最終日を迎えるまでの二週間、僕は普段は重くて持ち歩かない鈍器もとい六法全書と、拝借した朔太のノートとにらめっこしながら試験勉強に明け暮れた。分からないところがあるとすぐに朔太へ電話をかけた。朔太はすぐに返答をくれたので、自分だけで勉強する時の二倍の速さで理解が進んだ。朔太には本当に頭が上がらない。

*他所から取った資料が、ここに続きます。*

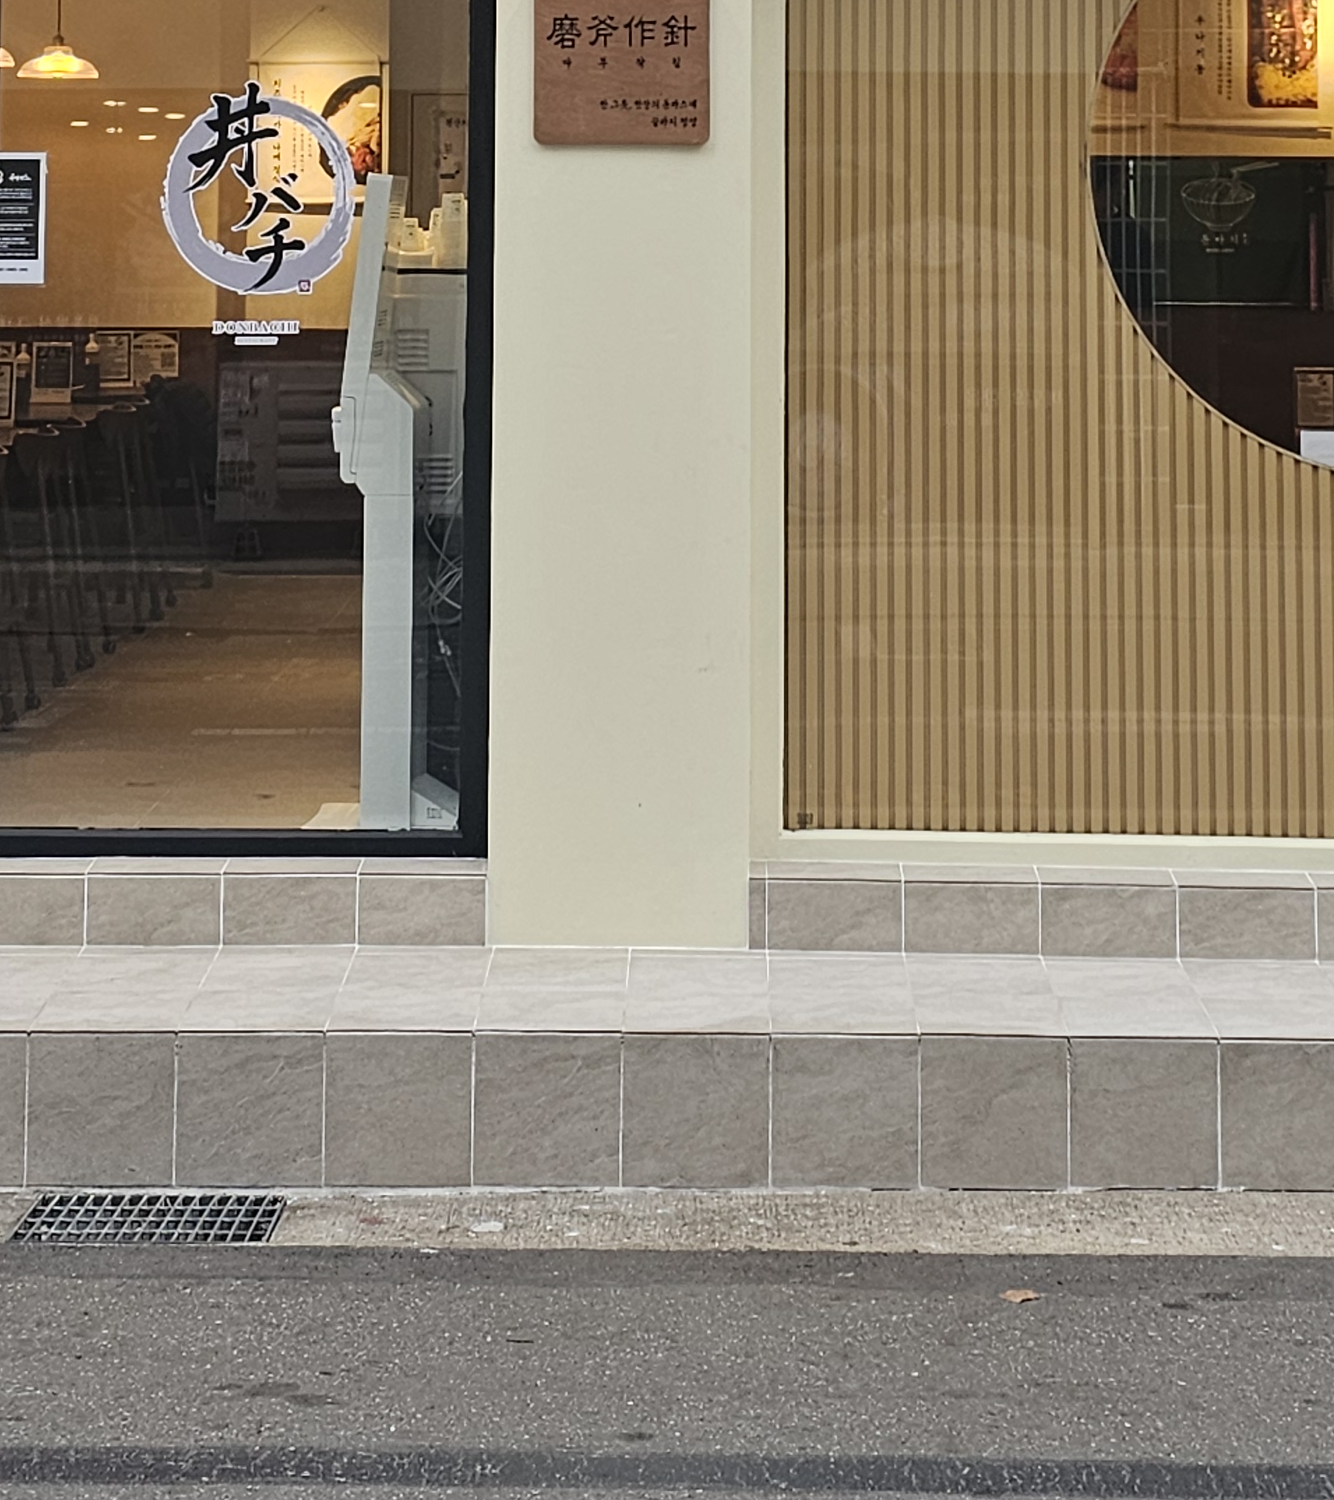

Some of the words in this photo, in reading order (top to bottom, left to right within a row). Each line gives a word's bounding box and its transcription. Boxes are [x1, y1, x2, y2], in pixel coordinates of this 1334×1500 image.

[546, 13, 697, 49] 磨斧作針
[183, 82, 305, 292] 丼バチ
[213, 321, 298, 333] DONBACHI

今日は朝から図書館で朔太と駄目押しの復習をする予定になっている。僕は愛用の自転車にまたがり、体の芯から凍えるような冬の冷気に負けじと、ペダルを大げさにこいでみた。大学へと続く一本道には人一人いなかった。冬の朝、誰もいない道を我が物顔で全力疾走できる爽快感はたまらない。だが同時に、静けさの中で時折聞こえてくるカラスのカアカアという鳴き声がちょっと怖い。

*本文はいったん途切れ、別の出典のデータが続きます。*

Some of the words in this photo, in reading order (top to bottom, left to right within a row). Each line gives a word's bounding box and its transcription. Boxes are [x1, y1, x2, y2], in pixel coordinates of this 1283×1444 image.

朔太は館内の入り口でスマホを見ながら立っていた。僕もスマホで時間を確認する。開館時間まで少し時間があった。
「おはよう」
「おう」
「今日も寒いね」
「ほんとそれ。勘弁してほしいわ」
朔太はちらっと顔を上げてすぐにスマホに視線を戻した。ぱらぱらとスマホの画面に舞い落ちる雪を、たびたび服で拭っている。
「今日の試験終わったら飯食いにいこうぜ」
朔太はスマホの画面をスクロールしている。
「どうしようかな」
「は? お前そんなこと言うのかよ。せっかく誘ったのに。あ、もしかして女でもできたのか? 俺を差し置いて……」
朔太の顔は本当に悔しそうな顔をしている。
「まさか。あるわけない」
僕は呆れて答えた。だって、大学で同級生の女の子と話す機会なんてそもそもない。いや、別に欲しているわけではないのだけれど。
「だよねー」
朔太の満面の笑みを見ると、無性に腹が立った。
「朔太は? そういう人いないの?」
「え、いそうな感じする?」
「んー、かろうじて、ぎりぎり、顔は悪くないからね」
悔しいけど事実なのだから、正直に言った。
「んんー、ちょっと気になるところはあったけど、あざーす。可愛い子はたくさんいるけど、本気で好きになった人はいないなー。俺の好みは、天真爛漫で明るくてかつ誰にでも優しい子なんだけど、なかなかそんな子いないよなー」
「理想が高すぎるんだよ」
「理想は高く、夢は大きくが俺のモットーなんだよ」
朔太は自慢げに言った。
「はいはい。じゃあ、何食べいく? クリスマスランチ」
「任せる」
「うそでしょ? それ一番困るやつだから」
僕は割と強めに言った。「何がいい? 何でもいい」って人任せすぎやしないだろうか。少しは協力的になってくれたっていいじゃないか。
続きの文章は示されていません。